Task description.
Only the lines from the one with "this 2408×1528 image." through the end of the data are wanted, copied exactly.

Text-to-region grounding data
════
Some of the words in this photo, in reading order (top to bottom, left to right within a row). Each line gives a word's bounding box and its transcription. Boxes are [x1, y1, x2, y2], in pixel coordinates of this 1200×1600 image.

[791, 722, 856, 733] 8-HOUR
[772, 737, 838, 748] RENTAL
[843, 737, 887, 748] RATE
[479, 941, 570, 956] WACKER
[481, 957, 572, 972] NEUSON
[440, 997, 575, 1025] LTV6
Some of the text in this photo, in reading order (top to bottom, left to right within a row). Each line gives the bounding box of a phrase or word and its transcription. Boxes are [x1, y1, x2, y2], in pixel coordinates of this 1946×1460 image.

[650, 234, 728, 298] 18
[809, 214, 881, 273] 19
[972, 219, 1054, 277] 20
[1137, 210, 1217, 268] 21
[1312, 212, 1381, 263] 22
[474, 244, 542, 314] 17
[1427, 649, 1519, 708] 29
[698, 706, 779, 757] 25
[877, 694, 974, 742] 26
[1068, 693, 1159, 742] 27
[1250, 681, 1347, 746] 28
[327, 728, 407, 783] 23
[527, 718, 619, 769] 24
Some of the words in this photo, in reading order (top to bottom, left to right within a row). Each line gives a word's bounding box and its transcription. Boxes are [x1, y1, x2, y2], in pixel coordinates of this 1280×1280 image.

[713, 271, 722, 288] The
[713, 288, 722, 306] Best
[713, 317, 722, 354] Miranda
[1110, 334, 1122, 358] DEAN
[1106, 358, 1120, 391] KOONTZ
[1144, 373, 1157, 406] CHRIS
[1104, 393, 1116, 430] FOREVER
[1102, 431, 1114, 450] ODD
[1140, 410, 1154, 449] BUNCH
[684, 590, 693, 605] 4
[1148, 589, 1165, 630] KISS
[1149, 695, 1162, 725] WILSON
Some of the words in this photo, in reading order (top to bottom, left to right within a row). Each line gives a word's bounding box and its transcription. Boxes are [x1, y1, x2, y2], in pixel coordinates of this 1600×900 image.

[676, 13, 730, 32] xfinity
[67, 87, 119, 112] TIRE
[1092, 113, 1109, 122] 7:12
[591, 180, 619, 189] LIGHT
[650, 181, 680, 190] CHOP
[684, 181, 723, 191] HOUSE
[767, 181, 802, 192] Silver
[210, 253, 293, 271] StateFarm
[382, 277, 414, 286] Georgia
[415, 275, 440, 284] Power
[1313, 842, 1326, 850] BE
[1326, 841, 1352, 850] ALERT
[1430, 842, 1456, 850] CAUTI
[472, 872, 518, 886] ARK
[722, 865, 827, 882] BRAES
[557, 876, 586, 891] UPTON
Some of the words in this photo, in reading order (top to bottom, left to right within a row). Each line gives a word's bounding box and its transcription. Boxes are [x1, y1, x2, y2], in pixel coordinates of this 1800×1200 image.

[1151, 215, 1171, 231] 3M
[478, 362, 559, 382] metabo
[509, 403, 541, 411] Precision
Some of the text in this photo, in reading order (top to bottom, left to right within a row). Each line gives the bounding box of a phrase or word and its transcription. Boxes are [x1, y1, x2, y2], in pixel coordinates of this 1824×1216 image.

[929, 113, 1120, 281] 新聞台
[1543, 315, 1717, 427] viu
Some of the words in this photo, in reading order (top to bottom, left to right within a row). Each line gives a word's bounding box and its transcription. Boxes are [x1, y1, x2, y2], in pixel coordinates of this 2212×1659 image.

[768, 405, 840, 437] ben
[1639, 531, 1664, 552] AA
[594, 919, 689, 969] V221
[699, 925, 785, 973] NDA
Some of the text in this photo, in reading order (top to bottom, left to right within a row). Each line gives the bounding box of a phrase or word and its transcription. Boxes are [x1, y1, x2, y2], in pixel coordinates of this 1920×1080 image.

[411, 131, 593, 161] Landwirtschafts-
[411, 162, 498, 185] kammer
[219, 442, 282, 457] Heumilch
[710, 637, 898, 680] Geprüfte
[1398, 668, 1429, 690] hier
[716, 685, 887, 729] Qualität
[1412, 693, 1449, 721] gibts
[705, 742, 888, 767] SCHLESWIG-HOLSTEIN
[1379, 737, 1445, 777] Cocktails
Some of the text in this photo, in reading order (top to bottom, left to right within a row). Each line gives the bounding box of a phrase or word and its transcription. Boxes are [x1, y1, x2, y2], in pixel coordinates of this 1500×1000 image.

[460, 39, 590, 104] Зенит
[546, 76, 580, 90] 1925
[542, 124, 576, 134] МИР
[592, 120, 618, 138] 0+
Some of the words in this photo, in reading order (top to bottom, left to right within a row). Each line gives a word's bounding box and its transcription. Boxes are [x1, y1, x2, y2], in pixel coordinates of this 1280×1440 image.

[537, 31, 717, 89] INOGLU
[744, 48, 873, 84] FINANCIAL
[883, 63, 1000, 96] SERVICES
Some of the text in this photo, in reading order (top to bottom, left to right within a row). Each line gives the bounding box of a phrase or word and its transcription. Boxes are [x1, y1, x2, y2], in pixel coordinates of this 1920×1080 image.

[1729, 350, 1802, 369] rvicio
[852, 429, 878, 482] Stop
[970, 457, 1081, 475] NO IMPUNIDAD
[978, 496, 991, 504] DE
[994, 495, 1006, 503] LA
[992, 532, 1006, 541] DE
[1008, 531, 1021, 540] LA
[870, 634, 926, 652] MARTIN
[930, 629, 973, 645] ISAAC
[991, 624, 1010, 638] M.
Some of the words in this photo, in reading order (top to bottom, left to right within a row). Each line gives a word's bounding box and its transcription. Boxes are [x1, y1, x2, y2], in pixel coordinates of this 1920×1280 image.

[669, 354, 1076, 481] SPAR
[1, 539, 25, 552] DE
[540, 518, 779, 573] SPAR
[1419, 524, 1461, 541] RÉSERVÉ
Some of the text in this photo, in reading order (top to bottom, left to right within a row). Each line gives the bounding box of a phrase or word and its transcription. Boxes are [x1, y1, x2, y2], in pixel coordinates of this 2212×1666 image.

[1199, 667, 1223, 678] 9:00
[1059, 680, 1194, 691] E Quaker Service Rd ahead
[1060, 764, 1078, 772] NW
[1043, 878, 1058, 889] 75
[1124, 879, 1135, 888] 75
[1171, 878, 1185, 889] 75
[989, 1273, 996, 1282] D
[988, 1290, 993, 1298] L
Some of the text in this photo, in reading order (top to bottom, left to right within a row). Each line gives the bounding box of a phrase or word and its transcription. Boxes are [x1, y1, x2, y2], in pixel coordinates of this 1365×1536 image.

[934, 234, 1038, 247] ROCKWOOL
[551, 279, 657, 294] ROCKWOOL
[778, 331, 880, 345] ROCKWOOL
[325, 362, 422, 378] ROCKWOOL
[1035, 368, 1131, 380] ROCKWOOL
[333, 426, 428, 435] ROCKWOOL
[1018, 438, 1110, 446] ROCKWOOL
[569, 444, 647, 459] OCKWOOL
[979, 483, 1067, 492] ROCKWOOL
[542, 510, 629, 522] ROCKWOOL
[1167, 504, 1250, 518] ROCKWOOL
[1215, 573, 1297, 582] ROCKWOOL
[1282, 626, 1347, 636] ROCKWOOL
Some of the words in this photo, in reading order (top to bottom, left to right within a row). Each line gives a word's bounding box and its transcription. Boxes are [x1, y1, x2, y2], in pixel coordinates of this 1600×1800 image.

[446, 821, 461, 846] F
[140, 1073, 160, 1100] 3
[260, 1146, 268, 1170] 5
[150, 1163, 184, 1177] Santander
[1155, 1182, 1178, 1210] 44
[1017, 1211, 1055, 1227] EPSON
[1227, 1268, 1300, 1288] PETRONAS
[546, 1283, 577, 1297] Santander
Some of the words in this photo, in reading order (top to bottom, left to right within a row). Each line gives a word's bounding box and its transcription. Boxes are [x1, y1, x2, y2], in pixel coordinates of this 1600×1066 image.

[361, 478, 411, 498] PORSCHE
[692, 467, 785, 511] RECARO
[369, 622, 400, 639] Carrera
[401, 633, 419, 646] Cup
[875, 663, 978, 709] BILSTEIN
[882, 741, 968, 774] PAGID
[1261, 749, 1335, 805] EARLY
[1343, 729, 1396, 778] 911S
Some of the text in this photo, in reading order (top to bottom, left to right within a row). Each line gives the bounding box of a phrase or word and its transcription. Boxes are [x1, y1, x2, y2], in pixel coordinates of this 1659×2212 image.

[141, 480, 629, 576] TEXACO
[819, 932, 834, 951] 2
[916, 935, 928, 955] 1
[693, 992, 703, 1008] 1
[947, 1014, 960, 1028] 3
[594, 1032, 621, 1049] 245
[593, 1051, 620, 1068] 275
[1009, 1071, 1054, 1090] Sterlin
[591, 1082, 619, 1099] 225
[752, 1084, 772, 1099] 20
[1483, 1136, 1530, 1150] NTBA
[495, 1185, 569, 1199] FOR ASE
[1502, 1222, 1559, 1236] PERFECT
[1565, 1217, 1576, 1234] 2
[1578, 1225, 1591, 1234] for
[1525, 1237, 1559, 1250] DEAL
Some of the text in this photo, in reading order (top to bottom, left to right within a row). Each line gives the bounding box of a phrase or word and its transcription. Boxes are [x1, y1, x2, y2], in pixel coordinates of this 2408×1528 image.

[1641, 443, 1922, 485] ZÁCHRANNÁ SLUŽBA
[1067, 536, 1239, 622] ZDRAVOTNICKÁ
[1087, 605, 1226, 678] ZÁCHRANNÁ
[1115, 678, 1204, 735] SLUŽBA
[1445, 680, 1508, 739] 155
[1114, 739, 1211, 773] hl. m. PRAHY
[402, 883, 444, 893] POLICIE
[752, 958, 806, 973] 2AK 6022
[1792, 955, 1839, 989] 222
════
Exercise answer.
Some of the text in this photo, in reading order (top to bottom, left to right within a row). Each line gives the bounding box of a phrase or word and its transcription. Boxes are [x1, y1, x2, y2], in pixel coordinates of this 2408×1528 image.

[1641, 443, 1922, 485] ZÁCHRANNÁ SLUŽBA
[1067, 536, 1239, 622] ZDRAVOTNICKÁ
[1087, 605, 1226, 678] ZÁCHRANNÁ
[1115, 678, 1204, 735] SLUŽBA
[1445, 680, 1508, 739] 155
[1114, 739, 1211, 773] hl. m. PRAHY
[402, 883, 444, 893] POLICIE
[752, 958, 806, 973] 2AK 6022
[1792, 955, 1839, 989] 222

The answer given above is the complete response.